Could you transcribe all of the data exactly and skip any pictures?

==== DATA SECTION

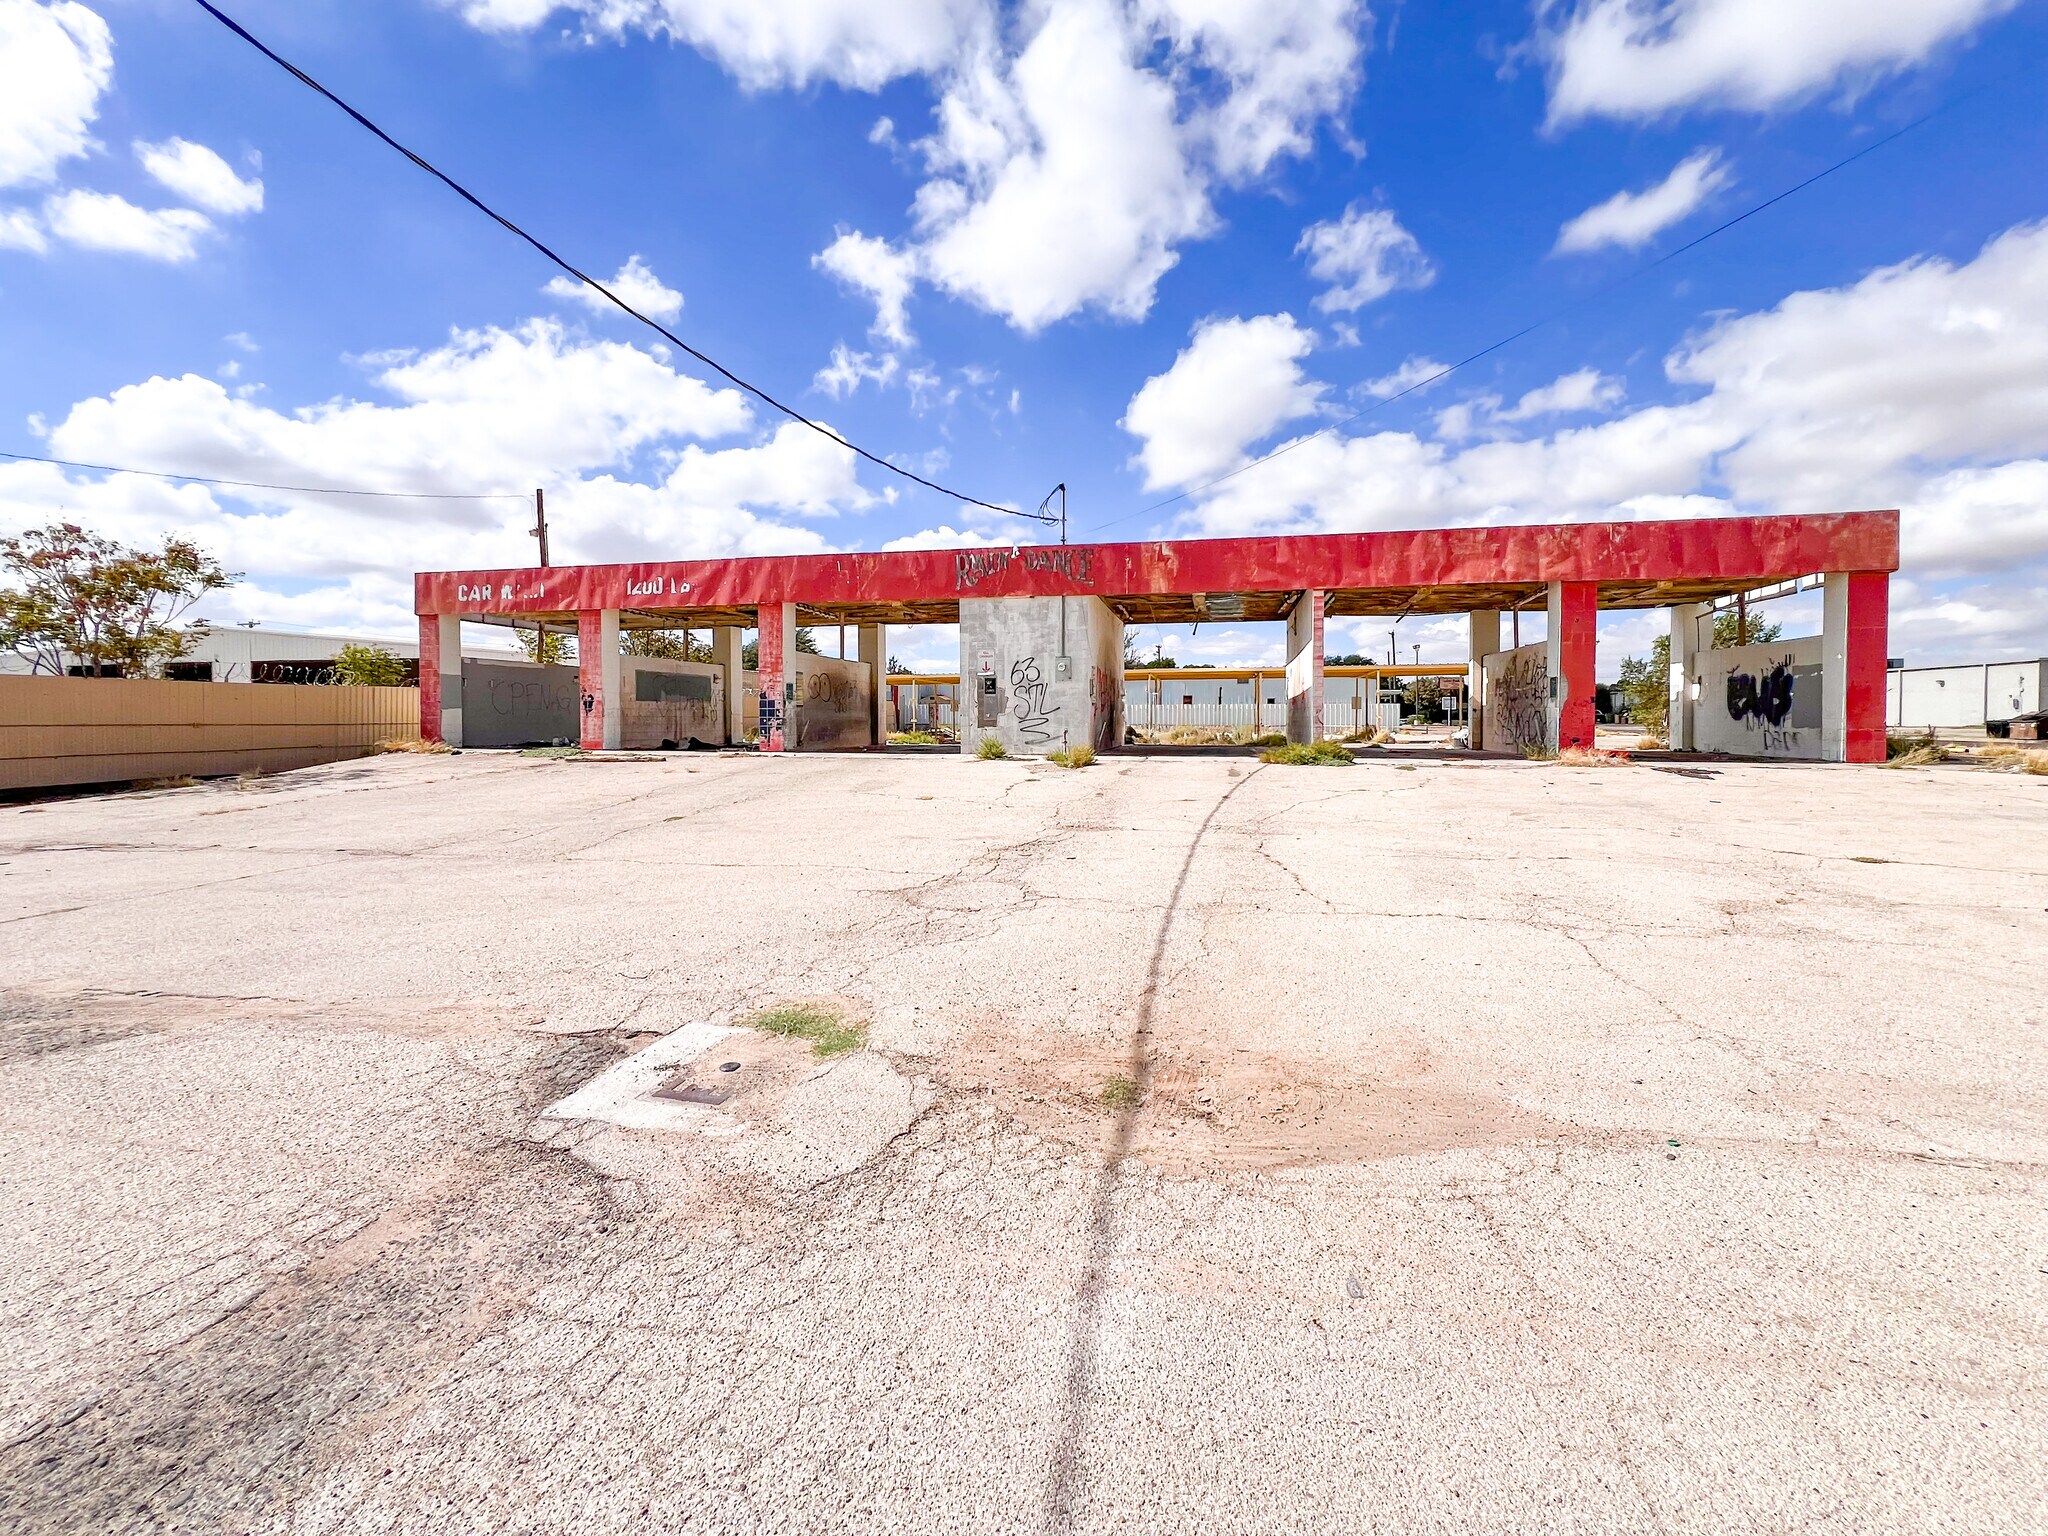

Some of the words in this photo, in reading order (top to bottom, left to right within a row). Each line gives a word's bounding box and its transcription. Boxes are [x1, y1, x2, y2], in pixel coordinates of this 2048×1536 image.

[955, 552, 1010, 590] RAIN
[1024, 549, 1094, 587] DANCE
[458, 584, 492, 601] CAR
[1010, 656, 1040, 686] 63
[1013, 682, 1060, 720] STL
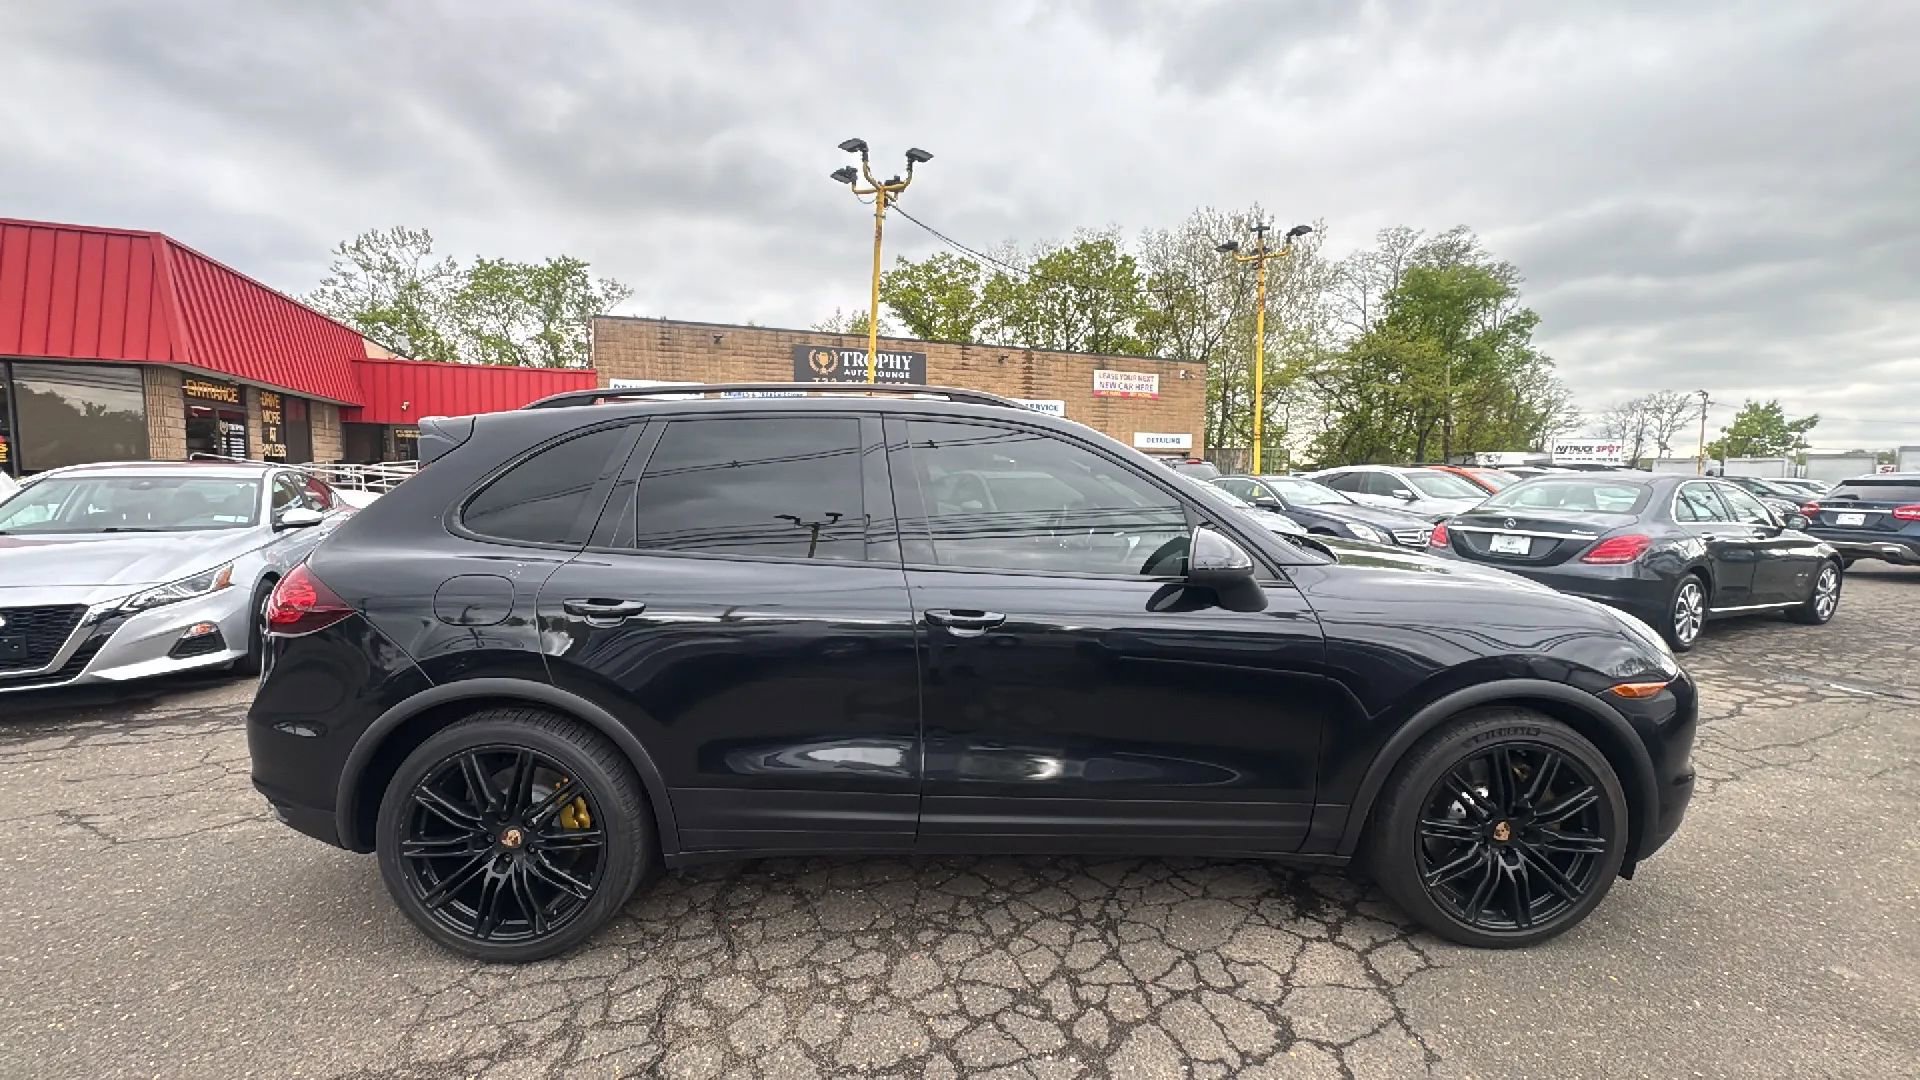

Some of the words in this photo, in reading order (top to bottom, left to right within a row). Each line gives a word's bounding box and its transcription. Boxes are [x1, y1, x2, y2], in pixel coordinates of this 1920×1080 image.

[840, 351, 913, 370] TROPHY
[1099, 372, 1118, 381] LEASE
[1119, 374, 1137, 382] YOUR
[1138, 375, 1155, 383] NEXT
[185, 379, 239, 403] ENTRANCE
[1100, 381, 1117, 389] NEW
[1118, 382, 1134, 391] CAR
[1135, 383, 1154, 392] HERE
[260, 391, 281, 409] DRIVE
[262, 409, 281, 425] MORE
[269, 427, 277, 443] AT
[1146, 437, 1181, 445] DETAILING
[261, 443, 287, 458] PAYLESS
[1569, 445, 1594, 453] TRUCK
[1596, 444, 1622, 455] SPOT
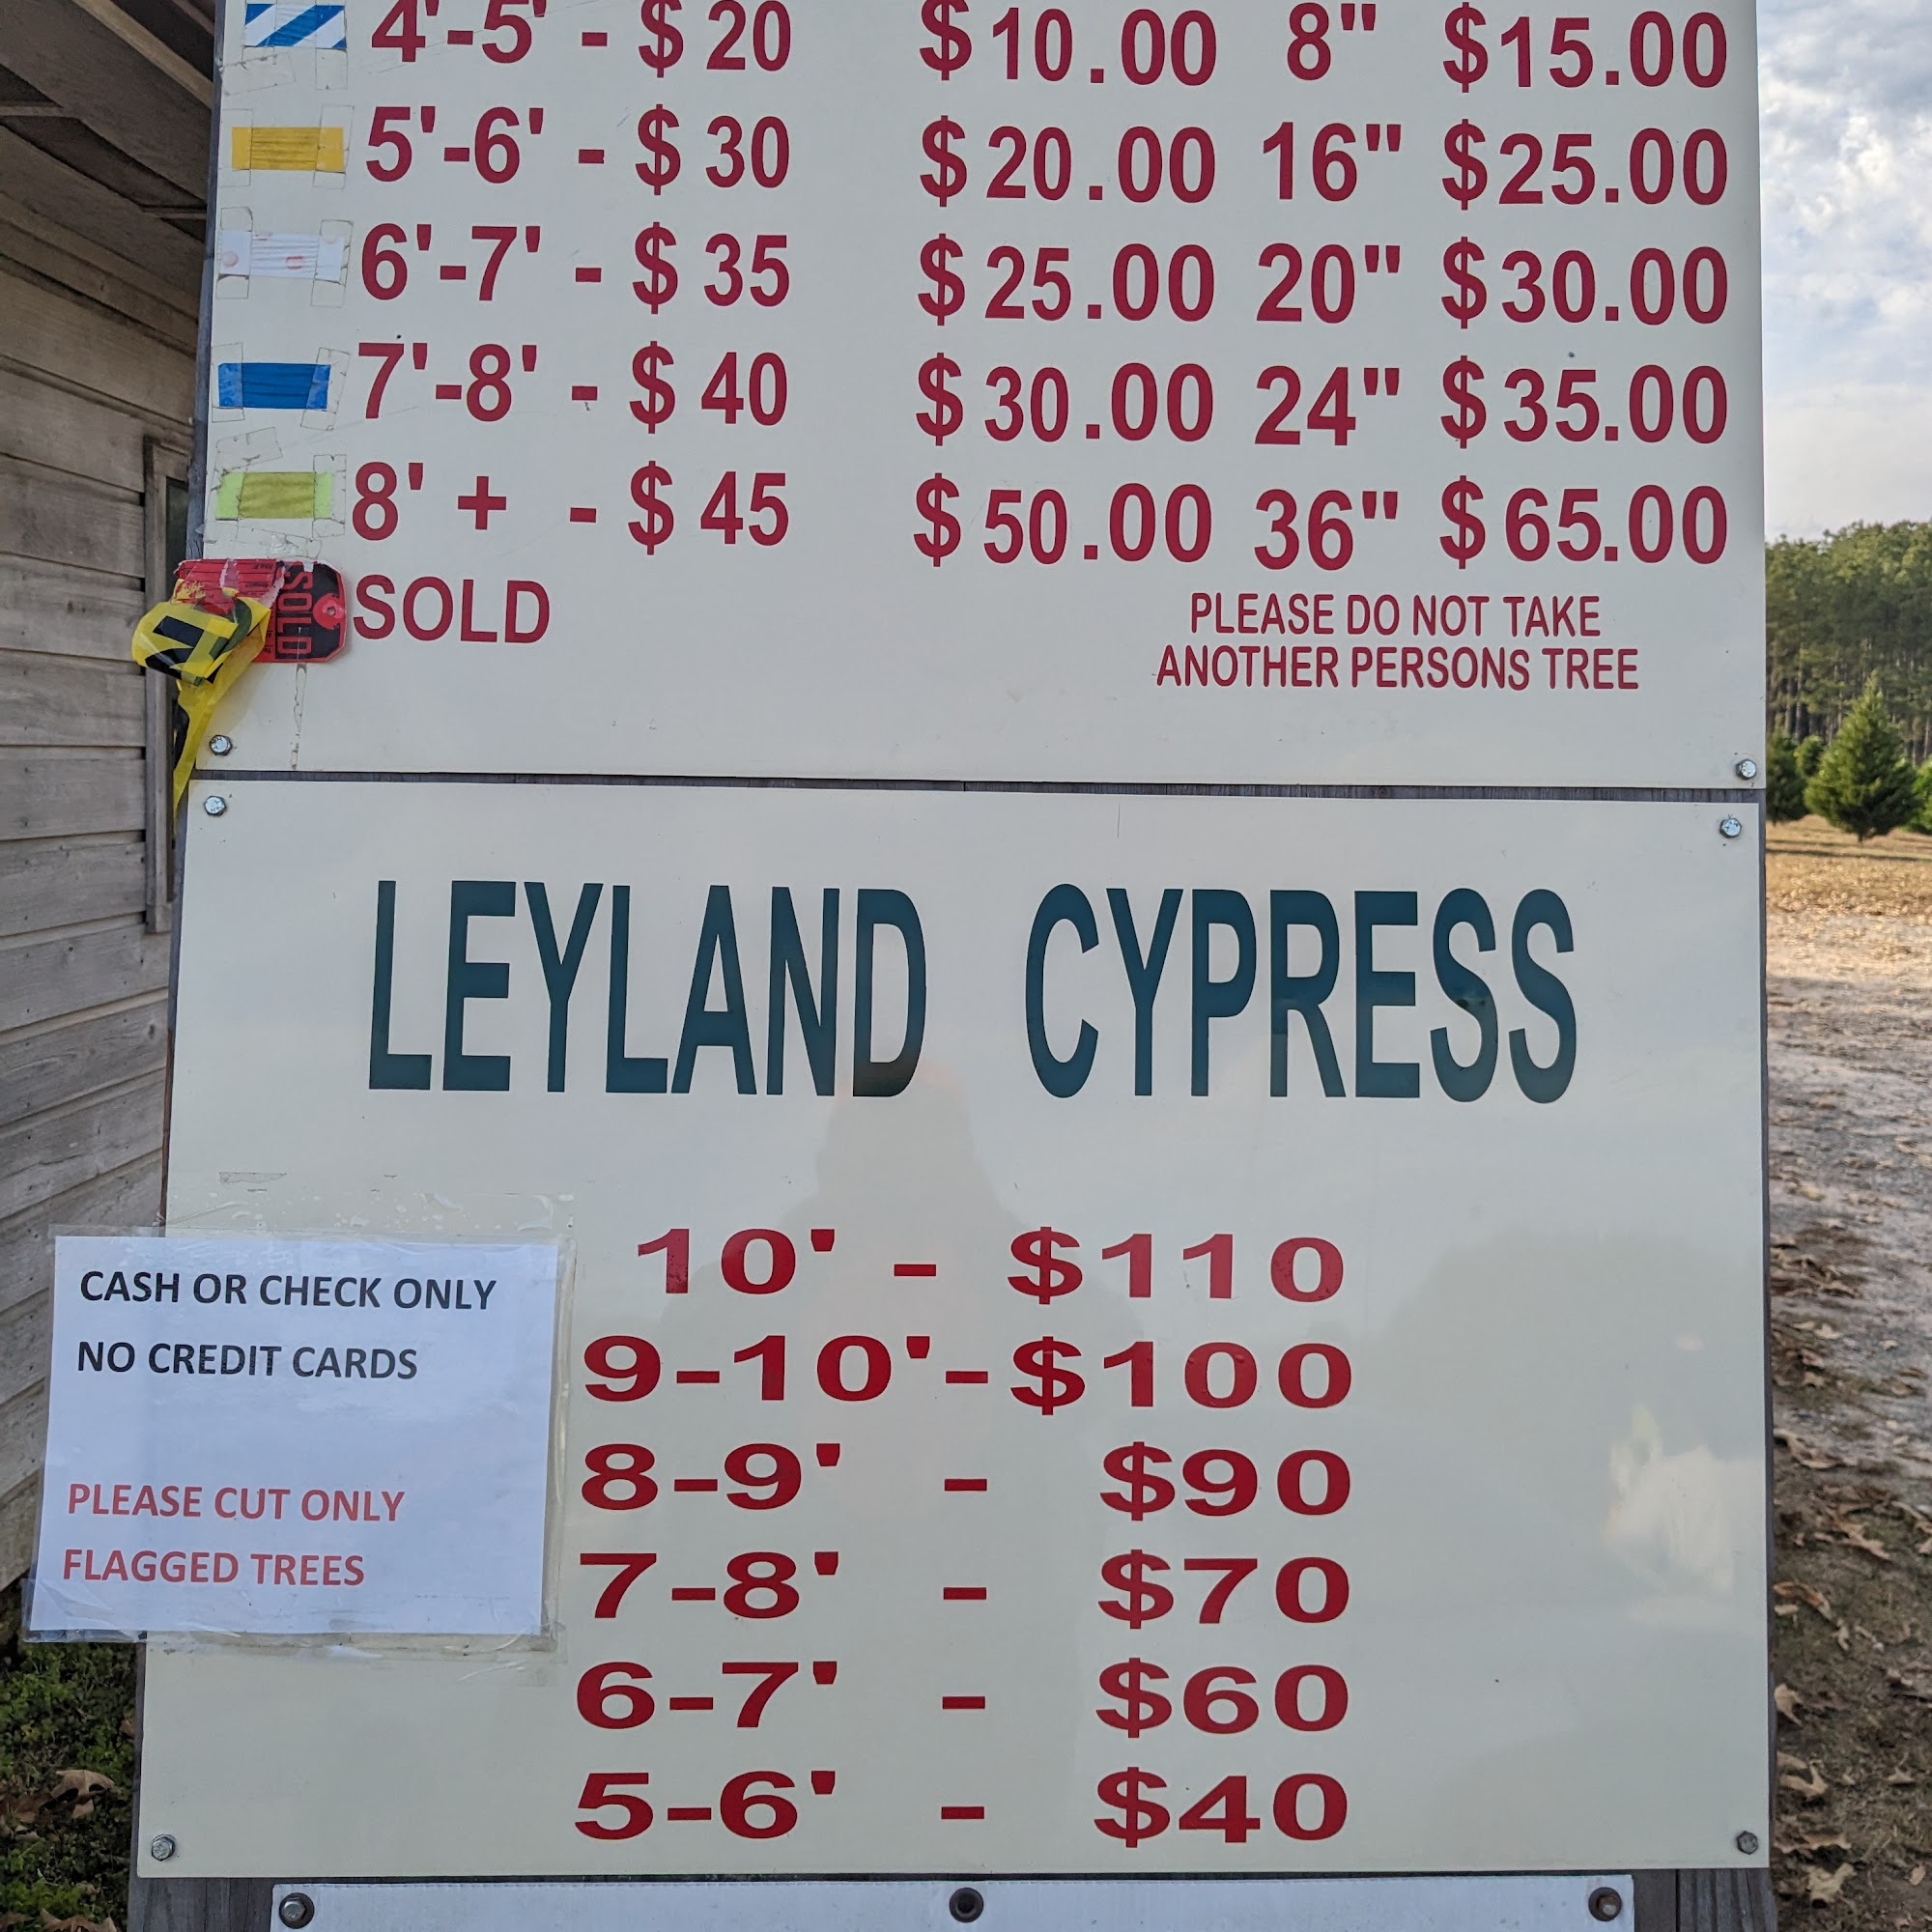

========

▶ OUTPUT BELOW:
Some of the words in this photo, in reading order (top to bottom, left to right within a row). Each line gives a word's bounding box and its transcription. Boxes are [x1, y1, x2, y2], in pixel coordinates of this 2048×1536 image.

[955, 552, 1010, 590] RAIN
[1024, 549, 1094, 587] DANCE
[458, 584, 492, 601] CAR
[1010, 656, 1040, 686] 63
[1013, 682, 1060, 720] STL

Some of the words in this photo, in reading order (top to bottom, left to right within a row). Each line gives a word's bounding box and its transcription. Boxes are [x1, y1, x2, y2], in pixel coordinates of this 1920×1080 image.

[840, 351, 913, 370] TROPHY
[1099, 372, 1118, 381] LEASE
[1119, 374, 1137, 382] YOUR
[1138, 375, 1155, 383] NEXT
[185, 379, 239, 403] ENTRANCE
[1100, 381, 1117, 389] NEW
[1118, 382, 1134, 391] CAR
[1135, 383, 1154, 392] HERE
[260, 391, 281, 409] DRIVE
[262, 409, 281, 425] MORE
[269, 427, 277, 443] AT
[1146, 437, 1181, 445] DETAILING
[261, 443, 287, 458] PAYLESS
[1569, 445, 1594, 453] TRUCK
[1596, 444, 1622, 455] SPOT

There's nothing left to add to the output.